There are a number important observations that led to this design proposal:

  1. We expect that most intelmq-users have a need for email outputs. Good email output needs aggregation, because common abuse handling email formats are aggregated (csv lists, x-arf bulk) which makes sense (only one header, a lot of similiar information).
  2. We expect that most intelmq users have a need for one ticket numbers per email they are sending. In addition its imaginable that more decisions are to be taken on aggregations.
  3. intelmq bots and queuing system already provide a technical solution that would be needed for email decisions (and aggregations) as well. Technically events for one email recipient have to be aggregated until they are to be send out.
  4. Aggregation and tickets may be interesting for other output formats in the future (e.g. wait for three more observations until you send out).
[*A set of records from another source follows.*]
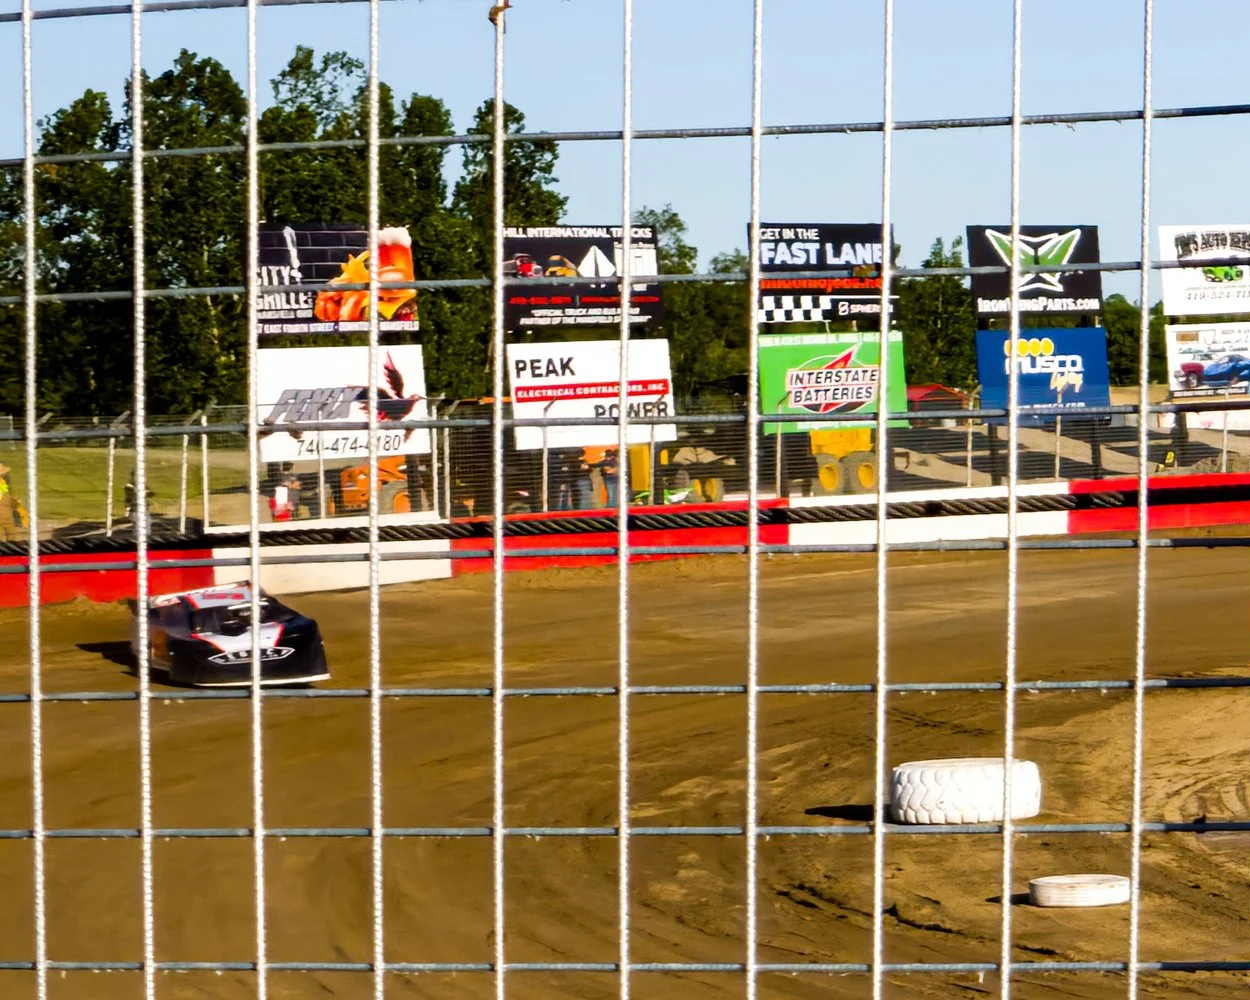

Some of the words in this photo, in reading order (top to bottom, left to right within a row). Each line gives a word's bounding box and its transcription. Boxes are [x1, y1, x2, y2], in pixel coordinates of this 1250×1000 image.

[527, 227, 611, 238] INTERNATIONAL
[612, 227, 653, 239] TRCKS
[759, 228, 780, 240] GET
[782, 229, 795, 240] IN
[796, 228, 820, 240] THE
[760, 241, 821, 265] FAST
[825, 242, 883, 265] LANE
[515, 356, 576, 379] PEAK
[789, 368, 878, 386] INTERSTATE
[517, 386, 575, 399] ELECTRICAL
[576, 383, 647, 396] CONTRACORS,
[793, 386, 873, 403] BATTERIES
Overall I believe that email output and the needed technical aggregation are already part of a typical intelMQ experience and should be technically closely integrated with it. And because there is already technology in place that can solve the problem (bots, connection, queuing), why not use it for the aggregation as well.

dmth commented 7 years ago

In the first approach I wrote:

To Create a mapping between events within Aggregates and Events in the EventDB, the Aggregator bot needs to create a UniqueID for each event.

This ID can be used in order to navigate between Aggregates and Events more easily. Building this without an ID would also be possible, but that would make navigation more complex.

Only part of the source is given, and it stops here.